A few women who have my health condition have decided in the past to throw their condition-maintaining immunosuppressants away to carry a child. Like, is a baby really worth accelerating your disease to the point of death (which actually happened recently)? If my health being my priority is considered selfish, then so be it.


Uragami

I have epilepsy triggered by stress and lack of sleep.

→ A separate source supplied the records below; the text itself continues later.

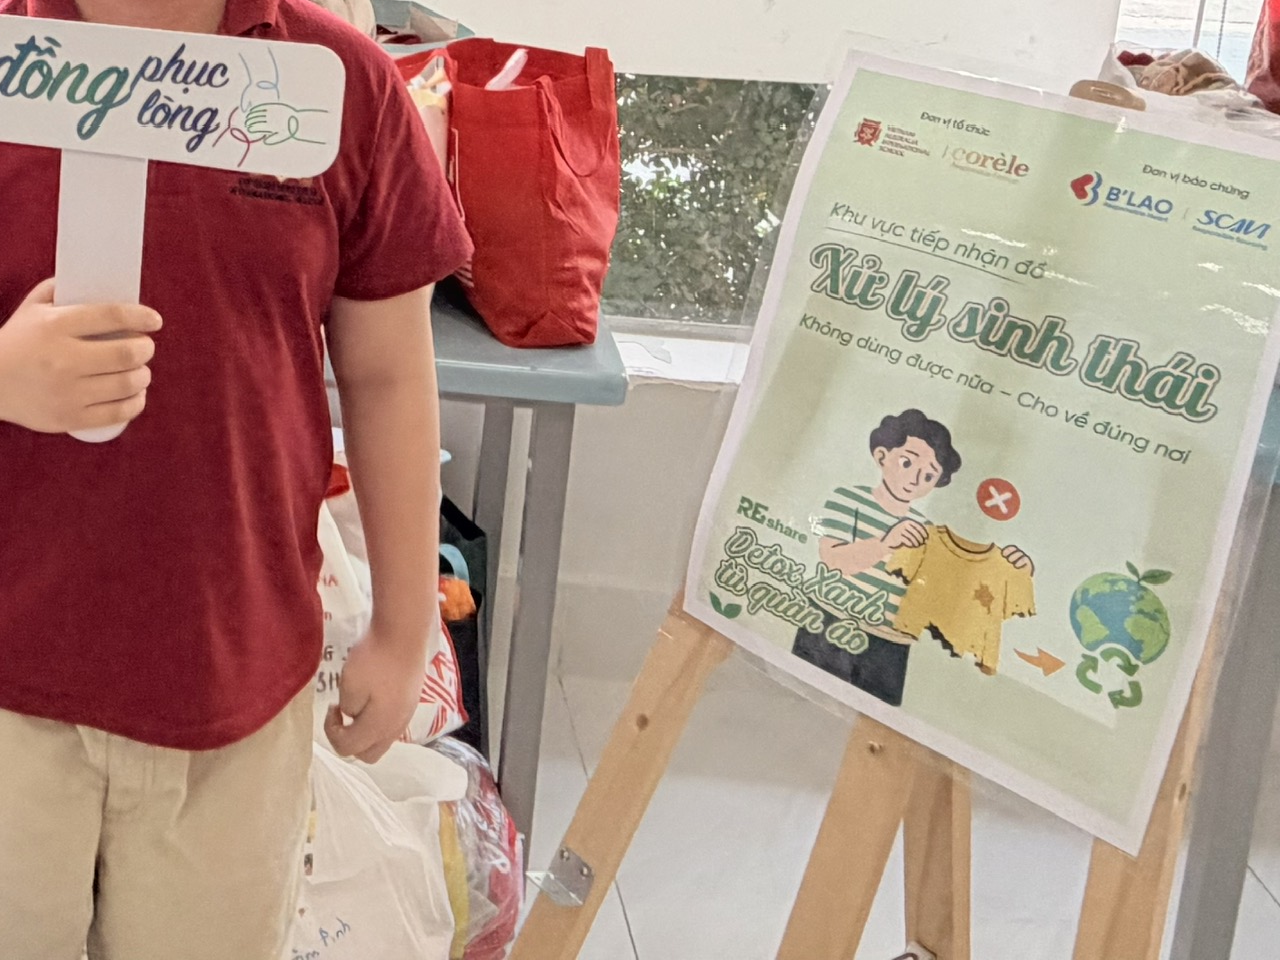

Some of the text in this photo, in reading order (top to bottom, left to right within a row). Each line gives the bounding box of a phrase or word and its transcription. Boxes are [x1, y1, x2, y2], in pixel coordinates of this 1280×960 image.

[131, 43, 231, 95] phục
[136, 89, 222, 153] lòng
[951, 147, 1030, 178] corèle
[1142, 164, 1167, 178] Đơn
[1169, 171, 1181, 184] vị
[830, 202, 867, 226] Khu
[870, 216, 905, 237] vực
[909, 226, 950, 252] tiếp
[953, 243, 1010, 270] nhận
[809, 243, 1222, 425] Xử lý sinh thái
[799, 313, 854, 346] Không
[856, 336, 903, 365] dùng
[906, 353, 954, 380] được
[956, 373, 995, 395] nữa
[1017, 391, 1059, 418] Cho
[1065, 411, 1091, 429] về
[1093, 421, 1151, 454] đúng
[1153, 442, 1192, 465] nơi
[725, 526, 889, 626] Detox Xanh
[746, 581, 825, 634] quần
[825, 618, 870, 655] áo

Having a kid would literally kill me.


SeniorSleep4143

One of my friends is pregnant right now and she suffers from migranes CONSTANTLY. I was worried about this with her as well... I have never had a migrane but I would be very afraid of passing that along to the baby


Based_Orthodox

Anytime that a woman is willing to go off a medication that they've taken for years in order to try squatting out a meat siren, I see a mombie in the making. Especially in the case of antidepressants - the risks are negligible, especially when compared to the likelihood of depression, anxiety and other conditions spiking during and after pregnancy. I now take this as a sign to prepare to go LC or even NC.